> How to complete this task
Print every one of the records verbatim, omitting nothing.

┌──

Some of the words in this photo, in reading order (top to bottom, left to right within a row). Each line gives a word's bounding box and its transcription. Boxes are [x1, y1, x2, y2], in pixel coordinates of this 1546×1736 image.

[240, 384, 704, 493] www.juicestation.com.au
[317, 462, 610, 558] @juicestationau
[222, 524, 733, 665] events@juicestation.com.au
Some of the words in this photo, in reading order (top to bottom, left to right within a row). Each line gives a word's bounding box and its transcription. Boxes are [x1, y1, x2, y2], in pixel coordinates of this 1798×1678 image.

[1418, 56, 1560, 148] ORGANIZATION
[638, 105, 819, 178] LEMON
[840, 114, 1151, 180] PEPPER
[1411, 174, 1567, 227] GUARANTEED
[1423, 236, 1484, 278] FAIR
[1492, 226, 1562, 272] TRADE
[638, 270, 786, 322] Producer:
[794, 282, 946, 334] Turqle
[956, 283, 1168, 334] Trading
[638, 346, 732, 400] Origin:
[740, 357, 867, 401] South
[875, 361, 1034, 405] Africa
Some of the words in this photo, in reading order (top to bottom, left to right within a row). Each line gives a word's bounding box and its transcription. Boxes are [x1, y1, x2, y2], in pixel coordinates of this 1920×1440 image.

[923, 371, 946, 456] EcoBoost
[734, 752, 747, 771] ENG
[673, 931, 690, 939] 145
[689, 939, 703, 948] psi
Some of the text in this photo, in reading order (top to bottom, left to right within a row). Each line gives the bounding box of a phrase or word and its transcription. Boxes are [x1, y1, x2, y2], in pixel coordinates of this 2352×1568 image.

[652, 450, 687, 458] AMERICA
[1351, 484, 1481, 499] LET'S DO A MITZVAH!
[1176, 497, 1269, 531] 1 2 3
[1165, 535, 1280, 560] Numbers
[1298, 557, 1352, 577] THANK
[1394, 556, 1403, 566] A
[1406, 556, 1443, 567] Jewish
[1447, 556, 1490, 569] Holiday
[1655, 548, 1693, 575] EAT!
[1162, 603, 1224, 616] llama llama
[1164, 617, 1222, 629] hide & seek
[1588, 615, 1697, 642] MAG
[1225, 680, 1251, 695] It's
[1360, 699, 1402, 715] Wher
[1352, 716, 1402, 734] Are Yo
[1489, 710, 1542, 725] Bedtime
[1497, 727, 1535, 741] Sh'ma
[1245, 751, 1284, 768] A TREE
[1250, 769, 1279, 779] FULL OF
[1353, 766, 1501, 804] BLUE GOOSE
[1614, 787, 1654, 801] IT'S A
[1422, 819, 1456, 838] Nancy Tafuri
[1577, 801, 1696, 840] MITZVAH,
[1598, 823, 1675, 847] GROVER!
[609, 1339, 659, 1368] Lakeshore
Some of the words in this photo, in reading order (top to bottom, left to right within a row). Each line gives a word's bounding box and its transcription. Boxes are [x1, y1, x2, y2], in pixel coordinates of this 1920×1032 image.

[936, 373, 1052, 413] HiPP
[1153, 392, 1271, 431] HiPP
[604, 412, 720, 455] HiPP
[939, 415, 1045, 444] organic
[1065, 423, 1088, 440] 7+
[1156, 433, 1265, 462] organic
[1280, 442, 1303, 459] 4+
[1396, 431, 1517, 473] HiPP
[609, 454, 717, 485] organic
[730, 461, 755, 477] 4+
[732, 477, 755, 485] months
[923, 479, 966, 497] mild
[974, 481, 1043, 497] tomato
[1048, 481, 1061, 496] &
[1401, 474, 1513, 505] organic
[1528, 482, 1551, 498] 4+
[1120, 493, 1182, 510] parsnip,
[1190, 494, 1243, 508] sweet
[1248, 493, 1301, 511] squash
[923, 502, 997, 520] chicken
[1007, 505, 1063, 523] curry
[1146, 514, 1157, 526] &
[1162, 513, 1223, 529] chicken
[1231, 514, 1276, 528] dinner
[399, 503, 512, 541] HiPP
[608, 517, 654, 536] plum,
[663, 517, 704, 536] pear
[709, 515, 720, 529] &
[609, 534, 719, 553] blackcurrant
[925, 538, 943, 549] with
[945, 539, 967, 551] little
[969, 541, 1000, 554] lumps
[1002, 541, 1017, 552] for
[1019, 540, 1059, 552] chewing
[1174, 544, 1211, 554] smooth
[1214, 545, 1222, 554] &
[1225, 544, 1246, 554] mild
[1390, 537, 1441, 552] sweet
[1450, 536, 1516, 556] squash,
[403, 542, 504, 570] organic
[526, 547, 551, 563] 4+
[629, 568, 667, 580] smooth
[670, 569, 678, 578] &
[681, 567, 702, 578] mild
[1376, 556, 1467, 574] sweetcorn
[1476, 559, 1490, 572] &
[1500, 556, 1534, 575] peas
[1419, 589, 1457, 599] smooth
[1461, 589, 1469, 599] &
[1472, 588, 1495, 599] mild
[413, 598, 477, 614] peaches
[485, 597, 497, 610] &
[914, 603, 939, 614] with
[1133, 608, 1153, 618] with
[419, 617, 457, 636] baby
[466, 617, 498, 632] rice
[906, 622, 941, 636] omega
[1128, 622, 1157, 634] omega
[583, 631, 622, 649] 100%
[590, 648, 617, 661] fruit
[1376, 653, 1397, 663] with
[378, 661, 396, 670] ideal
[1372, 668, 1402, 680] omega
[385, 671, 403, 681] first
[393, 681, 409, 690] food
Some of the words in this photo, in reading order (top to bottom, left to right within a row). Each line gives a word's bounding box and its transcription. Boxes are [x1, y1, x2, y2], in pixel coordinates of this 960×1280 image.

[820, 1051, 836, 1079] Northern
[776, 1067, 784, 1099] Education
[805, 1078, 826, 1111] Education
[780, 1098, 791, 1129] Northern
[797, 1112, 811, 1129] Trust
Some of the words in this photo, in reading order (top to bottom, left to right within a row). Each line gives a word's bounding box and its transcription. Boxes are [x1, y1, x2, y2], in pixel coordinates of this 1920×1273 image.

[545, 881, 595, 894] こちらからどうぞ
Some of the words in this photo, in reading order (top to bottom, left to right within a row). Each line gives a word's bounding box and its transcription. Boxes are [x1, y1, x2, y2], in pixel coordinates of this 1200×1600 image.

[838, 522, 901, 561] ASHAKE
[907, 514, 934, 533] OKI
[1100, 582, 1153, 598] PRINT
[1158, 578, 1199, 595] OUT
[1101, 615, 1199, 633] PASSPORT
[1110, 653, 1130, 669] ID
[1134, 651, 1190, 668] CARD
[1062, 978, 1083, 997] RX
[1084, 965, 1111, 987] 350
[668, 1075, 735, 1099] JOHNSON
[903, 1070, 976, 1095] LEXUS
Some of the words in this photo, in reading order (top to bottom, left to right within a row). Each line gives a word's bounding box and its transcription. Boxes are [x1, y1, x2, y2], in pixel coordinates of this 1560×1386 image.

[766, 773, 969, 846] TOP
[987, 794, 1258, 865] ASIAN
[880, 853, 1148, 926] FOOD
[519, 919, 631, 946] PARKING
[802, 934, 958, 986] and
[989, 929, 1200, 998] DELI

└──

> Task solution
Some of the words in this photo, in reading order (top to bottom, left to right within a row). Each line gives a word's bounding box and its transcription. Boxes are [x1, y1, x2, y2], in pixel coordinates of this 1546×1736 image.

[240, 384, 704, 493] www.juicestation.com.au
[317, 462, 610, 558] @juicestationau
[222, 524, 733, 665] events@juicestation.com.au
Some of the words in this photo, in reading order (top to bottom, left to right within a row). Each line gives a word's bounding box and its transcription. Boxes are [x1, y1, x2, y2], in pixel coordinates of this 1798×1678 image.

[1418, 56, 1560, 148] ORGANIZATION
[638, 105, 819, 178] LEMON
[840, 114, 1151, 180] PEPPER
[1411, 174, 1567, 227] GUARANTEED
[1423, 236, 1484, 278] FAIR
[1492, 226, 1562, 272] TRADE
[638, 270, 786, 322] Producer:
[794, 282, 946, 334] Turqle
[956, 283, 1168, 334] Trading
[638, 346, 732, 400] Origin:
[740, 357, 867, 401] South
[875, 361, 1034, 405] Africa
Some of the words in this photo, in reading order (top to bottom, left to right within a row). Each line gives a word's bounding box and its transcription. Boxes are [x1, y1, x2, y2], in pixel coordinates of this 1920×1440 image.

[923, 371, 946, 456] EcoBoost
[734, 752, 747, 771] ENG
[673, 931, 690, 939] 145
[689, 939, 703, 948] psi
Some of the text in this photo, in reading order (top to bottom, left to right within a row). Each line gives the bounding box of a phrase or word and its transcription. Boxes are [x1, y1, x2, y2], in pixel coordinates of this 2352×1568 image.

[652, 450, 687, 458] AMERICA
[1351, 484, 1481, 499] LET'S DO A MITZVAH!
[1176, 497, 1269, 531] 1 2 3
[1165, 535, 1280, 560] Numbers
[1298, 557, 1352, 577] THANK
[1394, 556, 1403, 566] A
[1406, 556, 1443, 567] Jewish
[1447, 556, 1490, 569] Holiday
[1655, 548, 1693, 575] EAT!
[1162, 603, 1224, 616] llama llama
[1164, 617, 1222, 629] hide & seek
[1588, 615, 1697, 642] MAG
[1225, 680, 1251, 695] It's
[1360, 699, 1402, 715] Wher
[1352, 716, 1402, 734] Are Yo
[1489, 710, 1542, 725] Bedtime
[1497, 727, 1535, 741] Sh'ma
[1245, 751, 1284, 768] A TREE
[1250, 769, 1279, 779] FULL OF
[1353, 766, 1501, 804] BLUE GOOSE
[1614, 787, 1654, 801] IT'S A
[1422, 819, 1456, 838] Nancy Tafuri
[1577, 801, 1696, 840] MITZVAH,
[1598, 823, 1675, 847] GROVER!
[609, 1339, 659, 1368] Lakeshore
Some of the words in this photo, in reading order (top to bottom, left to right within a row). Each line gives a word's bounding box and its transcription. Boxes are [x1, y1, x2, y2], in pixel coordinates of this 1920×1032 image.

[936, 373, 1052, 413] HiPP
[1153, 392, 1271, 431] HiPP
[604, 412, 720, 455] HiPP
[939, 415, 1045, 444] organic
[1065, 423, 1088, 440] 7+
[1156, 433, 1265, 462] organic
[1280, 442, 1303, 459] 4+
[1396, 431, 1517, 473] HiPP
[609, 454, 717, 485] organic
[730, 461, 755, 477] 4+
[732, 477, 755, 485] months
[923, 479, 966, 497] mild
[974, 481, 1043, 497] tomato
[1048, 481, 1061, 496] &
[1401, 474, 1513, 505] organic
[1528, 482, 1551, 498] 4+
[1120, 493, 1182, 510] parsnip,
[1190, 494, 1243, 508] sweet
[1248, 493, 1301, 511] squash
[923, 502, 997, 520] chicken
[1007, 505, 1063, 523] curry
[1146, 514, 1157, 526] &
[1162, 513, 1223, 529] chicken
[1231, 514, 1276, 528] dinner
[399, 503, 512, 541] HiPP
[608, 517, 654, 536] plum,
[663, 517, 704, 536] pear
[709, 515, 720, 529] &
[609, 534, 719, 553] blackcurrant
[925, 538, 943, 549] with
[945, 539, 967, 551] little
[969, 541, 1000, 554] lumps
[1002, 541, 1017, 552] for
[1019, 540, 1059, 552] chewing
[1174, 544, 1211, 554] smooth
[1214, 545, 1222, 554] &
[1225, 544, 1246, 554] mild
[1390, 537, 1441, 552] sweet
[1450, 536, 1516, 556] squash,
[403, 542, 504, 570] organic
[526, 547, 551, 563] 4+
[629, 568, 667, 580] smooth
[670, 569, 678, 578] &
[681, 567, 702, 578] mild
[1376, 556, 1467, 574] sweetcorn
[1476, 559, 1490, 572] &
[1500, 556, 1534, 575] peas
[1419, 589, 1457, 599] smooth
[1461, 589, 1469, 599] &
[1472, 588, 1495, 599] mild
[413, 598, 477, 614] peaches
[485, 597, 497, 610] &
[914, 603, 939, 614] with
[1133, 608, 1153, 618] with
[419, 617, 457, 636] baby
[466, 617, 498, 632] rice
[906, 622, 941, 636] omega
[1128, 622, 1157, 634] omega
[583, 631, 622, 649] 100%
[590, 648, 617, 661] fruit
[1376, 653, 1397, 663] with
[378, 661, 396, 670] ideal
[1372, 668, 1402, 680] omega
[385, 671, 403, 681] first
[393, 681, 409, 690] food
Some of the words in this photo, in reading order (top to bottom, left to right within a row). Each line gives a word's bounding box and its transcription. Boxes are [x1, y1, x2, y2], in pixel coordinates of this 960×1280 image.

[820, 1051, 836, 1079] Northern
[776, 1067, 784, 1099] Education
[805, 1078, 826, 1111] Education
[780, 1098, 791, 1129] Northern
[797, 1112, 811, 1129] Trust
Some of the words in this photo, in reading order (top to bottom, left to right within a row). Each line gives a word's bounding box and its transcription. Boxes are [x1, y1, x2, y2], in pixel coordinates of this 1920×1273 image.

[545, 881, 595, 894] こちらからどうぞ
Some of the words in this photo, in reading order (top to bottom, left to right within a row). Each line gives a word's bounding box and its transcription. Boxes are [x1, y1, x2, y2], in pixel coordinates of this 1200×1600 image.

[838, 522, 901, 561] ASHAKE
[907, 514, 934, 533] OKI
[1100, 582, 1153, 598] PRINT
[1158, 578, 1199, 595] OUT
[1101, 615, 1199, 633] PASSPORT
[1110, 653, 1130, 669] ID
[1134, 651, 1190, 668] CARD
[1062, 978, 1083, 997] RX
[1084, 965, 1111, 987] 350
[668, 1075, 735, 1099] JOHNSON
[903, 1070, 976, 1095] LEXUS
Some of the words in this photo, in reading order (top to bottom, left to right within a row). Each line gives a word's bounding box and its transcription. Boxes are [x1, y1, x2, y2], in pixel coordinates of this 1560×1386 image.

[766, 773, 969, 846] TOP
[987, 794, 1258, 865] ASIAN
[880, 853, 1148, 926] FOOD
[519, 919, 631, 946] PARKING
[802, 934, 958, 986] and
[989, 929, 1200, 998] DELI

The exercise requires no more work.